- _The problem_
Go through the records and transcribe them exactly, passing over any picture.

- _Stored data entries_
* * * * * * *

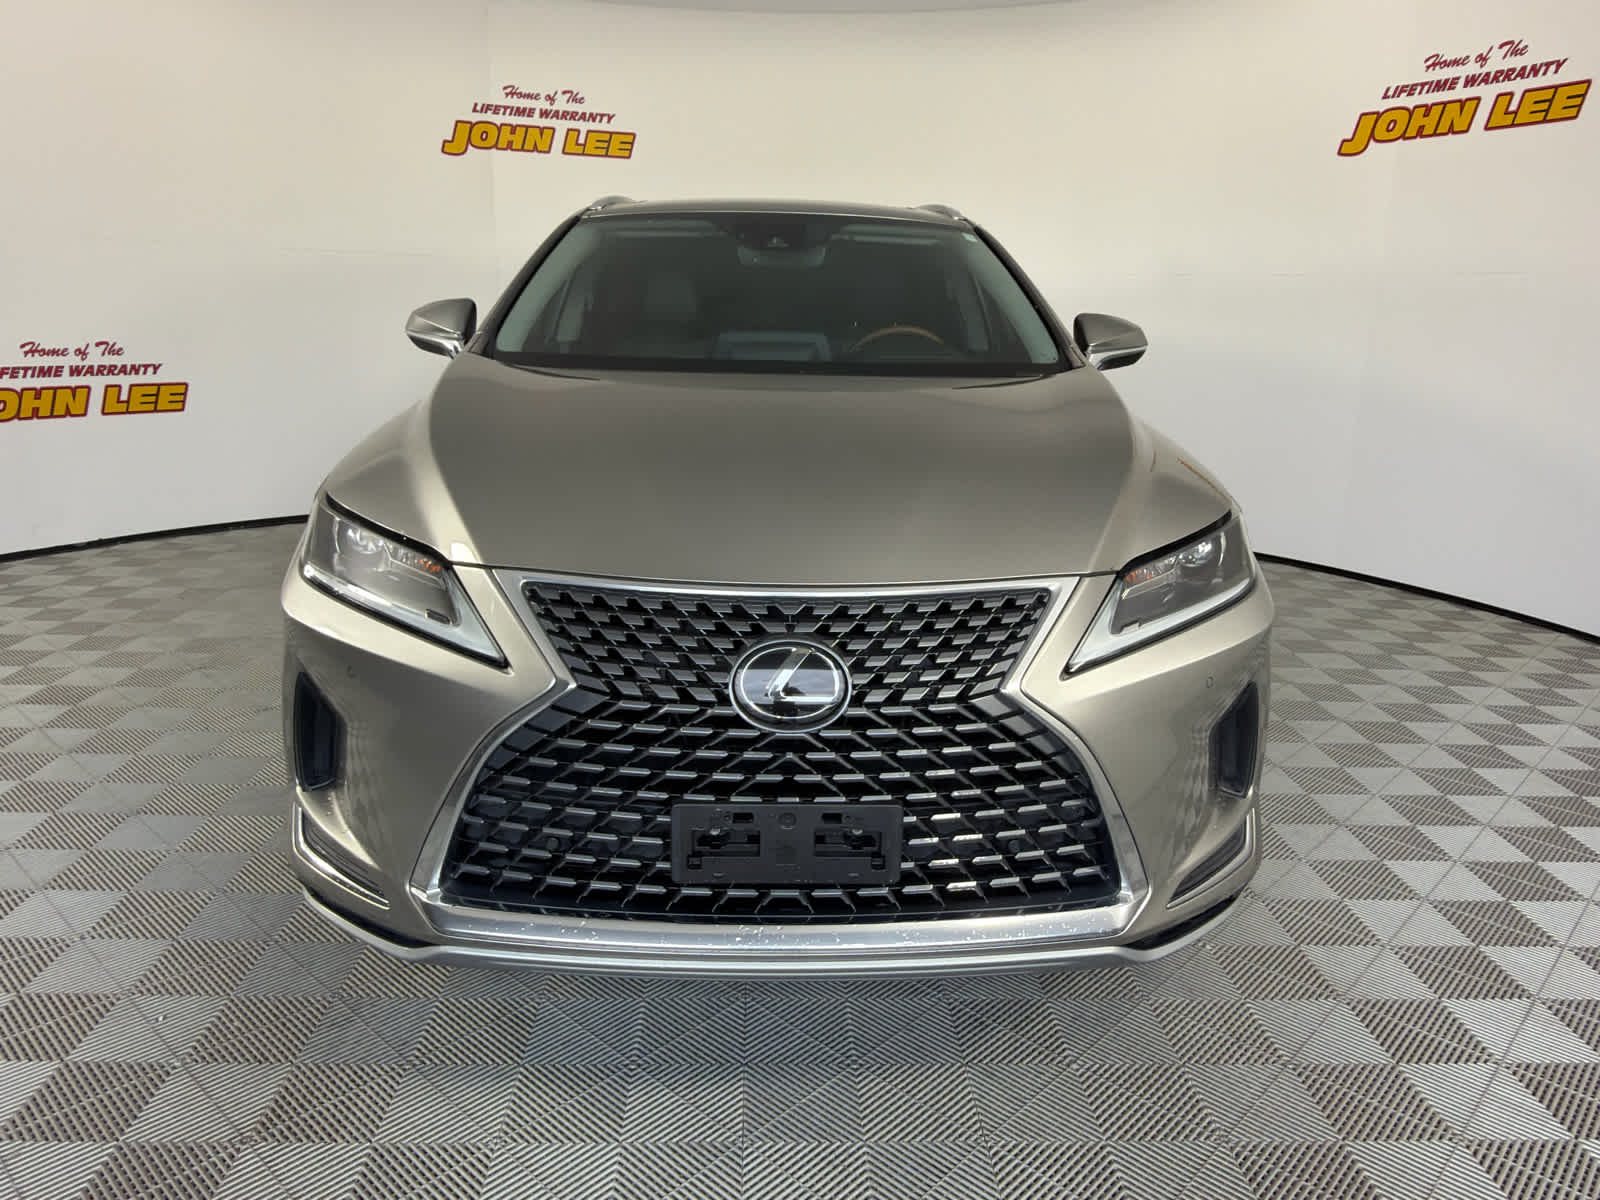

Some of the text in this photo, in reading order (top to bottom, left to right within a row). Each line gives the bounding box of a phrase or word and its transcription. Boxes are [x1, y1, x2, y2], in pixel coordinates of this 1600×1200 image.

[1424, 39, 1529, 72] Home of The
[502, 85, 585, 106] Home of The
[1381, 58, 1568, 100] LIFETIME WARRANTY
[472, 103, 616, 124] LIFETIME WARRANTY
[1337, 79, 1592, 157] JOHN LEE
[441, 120, 636, 159] JOHN LEE
[19, 341, 125, 361] Home of The
[0, 363, 162, 379] FETIME WARRANTY
[0, 382, 189, 422] OHN LEE
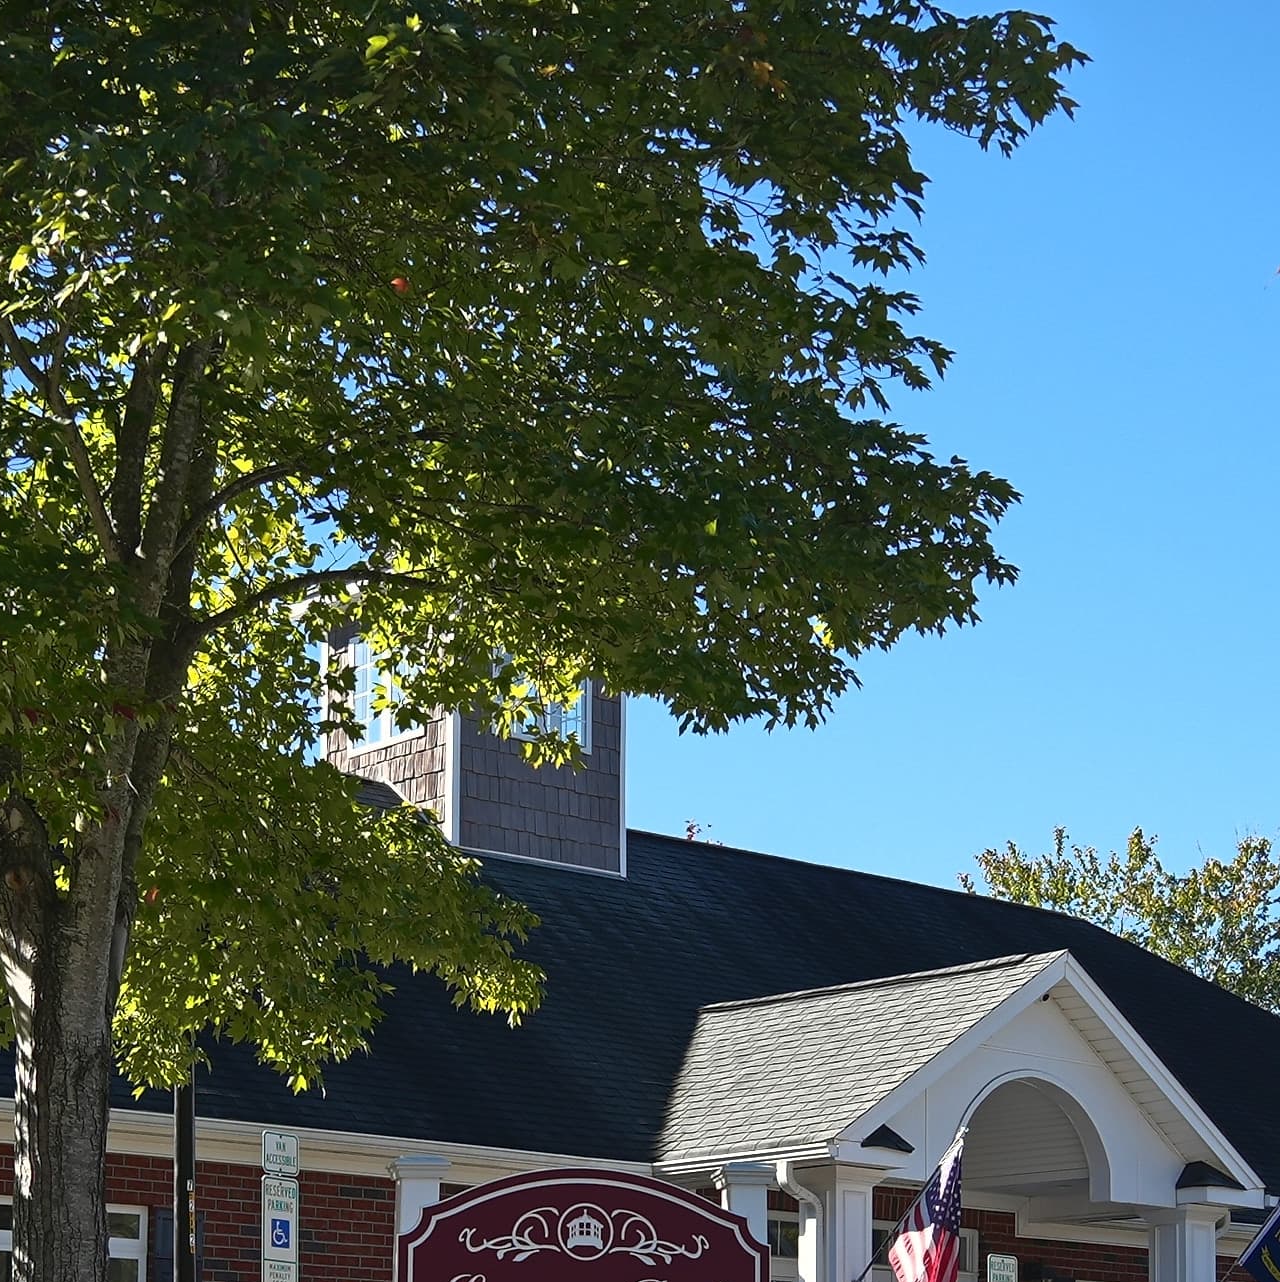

* * * * * * *

- _Output_
Some of the text in this photo, in reading order (top to bottom, left to right within a row). Each line gives the bounding box of a phrase or word and its transcription. Boxes are [x1, y1, x2, y2], in pixel coordinates of this 1600×1200 image.

[1424, 39, 1529, 72] Home of The
[502, 85, 585, 106] Home of The
[1381, 58, 1568, 100] LIFETIME WARRANTY
[472, 103, 616, 124] LIFETIME WARRANTY
[1337, 79, 1592, 157] JOHN LEE
[441, 120, 636, 159] JOHN LEE
[19, 341, 125, 361] Home of The
[0, 363, 162, 379] FETIME WARRANTY
[0, 382, 189, 422] OHN LEE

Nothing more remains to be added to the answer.